Tout le monde était habillé de noir et affichait des airs désolés.

Quatre fossoyeurs portèrent sur leurs épaules le cercueil jusqu'à la tombe ouverte.

La cérémonie se déroula très lentement. Battant la semelle pour se réchauffer, les gens se chuchotaient les phrases de circonstance: «C'était un homme formidable», «il est mort trop tôt», «quelle perte pour le service juridique des Eaux et Forêts», «c'était un saint homme, d'une bonté et d'une générosité extraordinaires», «avec lui disparaît un professionnel hors pair, un grand protecteur de la forêt».

Le prêtre survint enfin et prononça les mots qu'il convenait de dire: «Poussière, tu retournes à la poussière… Cet époux et ce père de famille remarquable était un exemple pour nous tous… Son souvenir restera à jamais dans nos cœurs… Il était aimé de tous… c'est la fin d'un cycle, amen

Tout le monde s'empressait à présent autour de Julie et de sa mère pour les condoléances.

Le préfet Dupeyron s'était déplacé en personne.

– Merci d'être venu, monsieur le préfet.

Mais le préfet paraissait particulièrement désireux de s'adresser à la fille:

– Toutes mes condoléances, mademoiselle. Cette perte doit être terrible pour vous.

Se rapprochant jusqu'à l'effleurer, il glissa dans l'oreille de Julie:.

– Étant donné l'estime que je portais à votre père, sachez qu'il y aura toujours pour vous une place dans nos services préfectoraux. Vos études de droit achevées, venez me voir. Je vous trouverai un bon poste.

Le haut fonctionnaire consentit enfin à s'adresser à la mère:

– J'ai d'ores et déjà chargé l'un de nos plus fins limiers d'élucider le mystère de la mort de votre mari. Il s'agit du commissaire Linart. Un as. Avec lui on saura tout, très vite.

Il poursuivit:

– Évidemment, je respecte votre deuil mais il est bon parfois de se changer les idées. À l'occasion du jumelage de notre cité avec une ville japonaise, Hachinoé, il y aura samedi prochain une réception à la salle de gala du château de Fontainebleau. Venez donc avec votre fille. Je connaissais Gaston. Ça lui aurait fait plaisir de vous voir vous distraire.

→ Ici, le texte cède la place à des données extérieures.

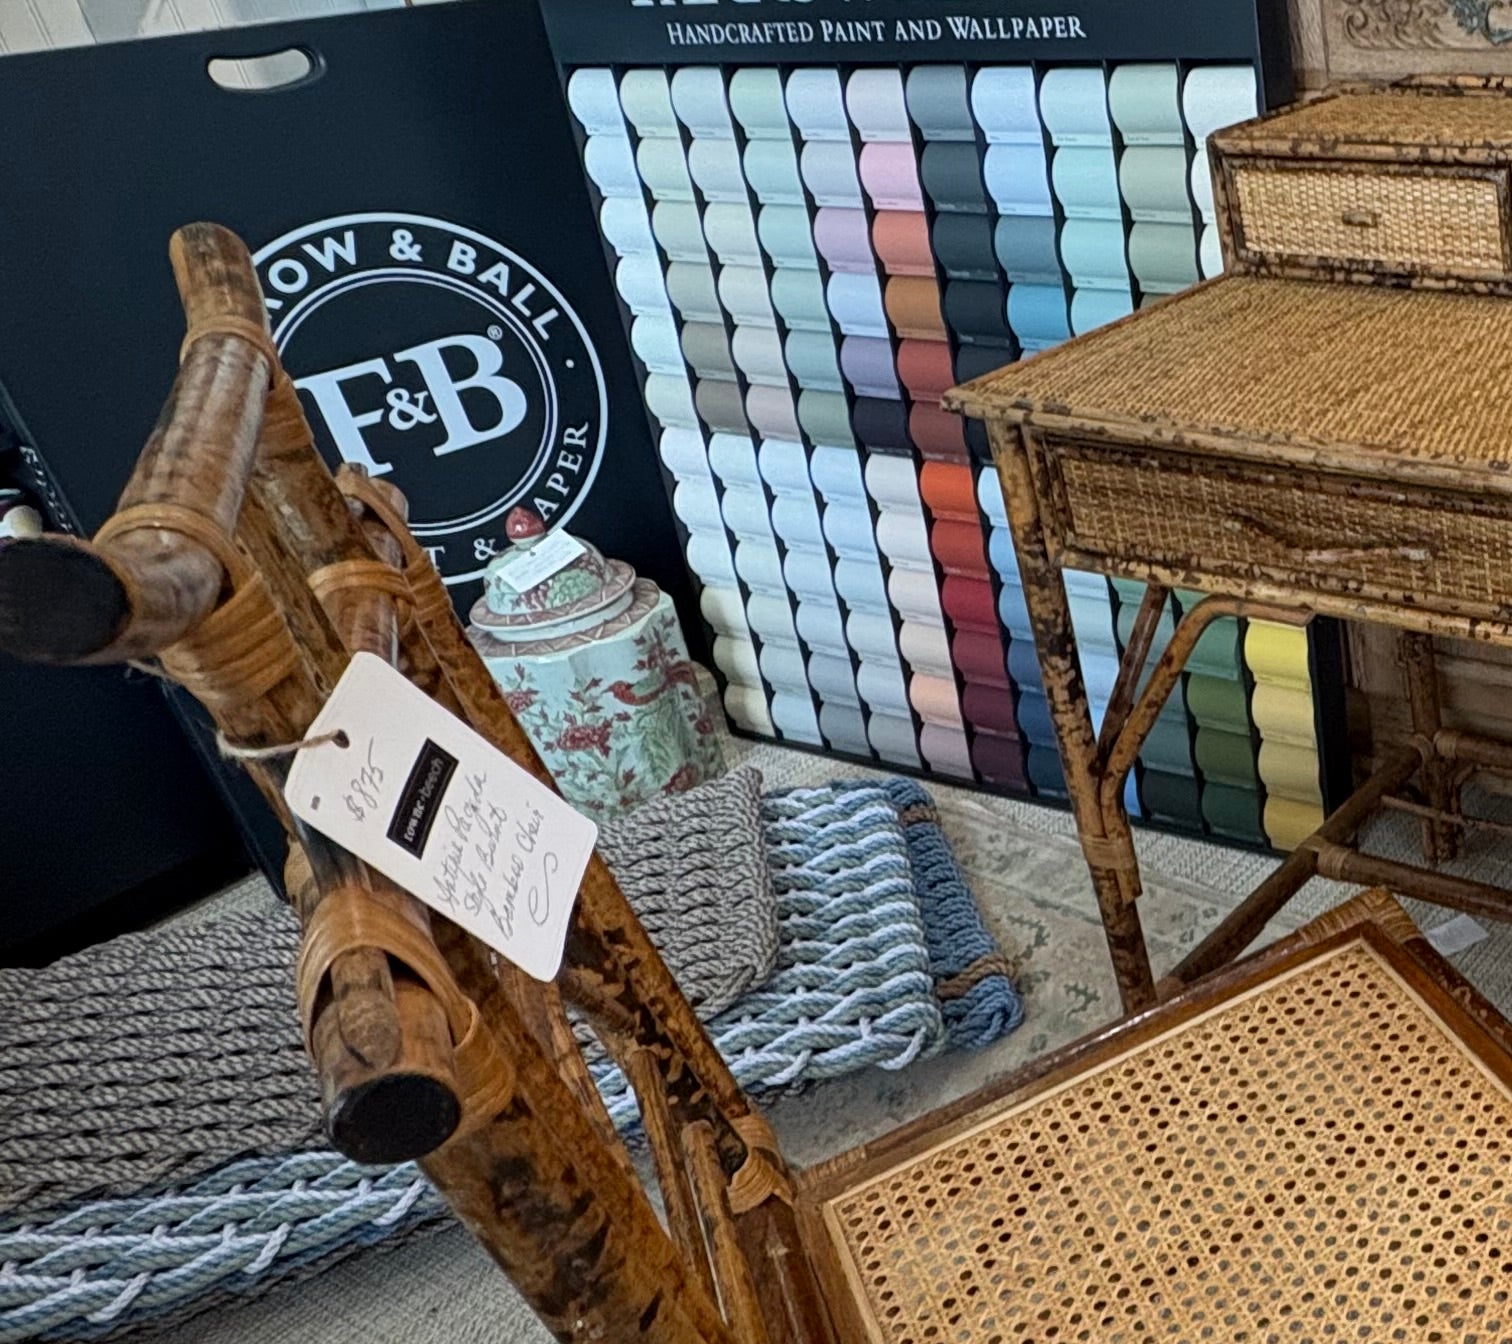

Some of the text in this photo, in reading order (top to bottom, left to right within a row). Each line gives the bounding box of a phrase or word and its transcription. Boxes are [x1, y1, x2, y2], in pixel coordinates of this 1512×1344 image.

[667, 14, 1087, 45] HANDCRAFTED PAINT AND WALLPAPER
[388, 228, 424, 263] &
[447, 239, 561, 342] BALL
[445, 771, 491, 842] Pagoda
[488, 802, 545, 941] Bamboo Chair

La mère hocha la tête tandis que les uns et les autres jetaient quelques fleurs séchées sur le cercueil.

Julie s'avança sur le bord de la tombe béante et murmura entre ses dents:

– Je regrette que nous n'ayons jamais réussi à nous parler vraiment. Je suis sûre que, quelque part, tu étais un type bien, papa…

Un moment, elle fixa le cercueil de sapin.

Elle se rongea l'ongle du pouce. C'était le plus douloureux. Quand elle se rongeait les ongles, elle pouvait décider du moment où la douleur s'arrêterait. C'était l'un des avantages qu'elle voyait à se faire souffrir elle-même, elle contrôlait sa souffrance au lieu de la subir.

– Dommage qu'il y ait eu tant de barrières entre nous, termina-t-elle.

En dessous du cercueil, infiltrés par une minuscule faille du béton, un groupe d'asticots affamés tapait contre la plaque de zinc. Eux aussi se disaient:

Dommage qu 'il y ait tant de barrières entre nous.

19. ENCYCLOPEDIE

RENCONTRE DE DEUX CIVILISATIONS: La rencontre entre deux civilisations différentes est toujours un instant délicat.

On aurait pu craindre le pire lorsque, le 10 août 1818, le capitaine John Ross, chef d'une expédition polaire britannique, rencontra les habitants du Groenland: les Inuit (Inuit signifie «être humain» tandis qu'Esquimau veut dire plus péjorativement «mangeur de poisson cru»). Les Inuit se croyaient depuis toujours seuls au monde. Le plus ancien d'entre eux brandit un bâton et leur fit signe de partir. John Saccheus, l'interprète sud-groenlandais, eut alors l'idée de jeter son couteau à ses pieds. Se priver ainsi de son arme en la jetant aux pieds de parfaits inconnus! Le geste dérouta les Inuit qui s'emparèrent du couteau et se mirent à crier tout en se pinçant le nez.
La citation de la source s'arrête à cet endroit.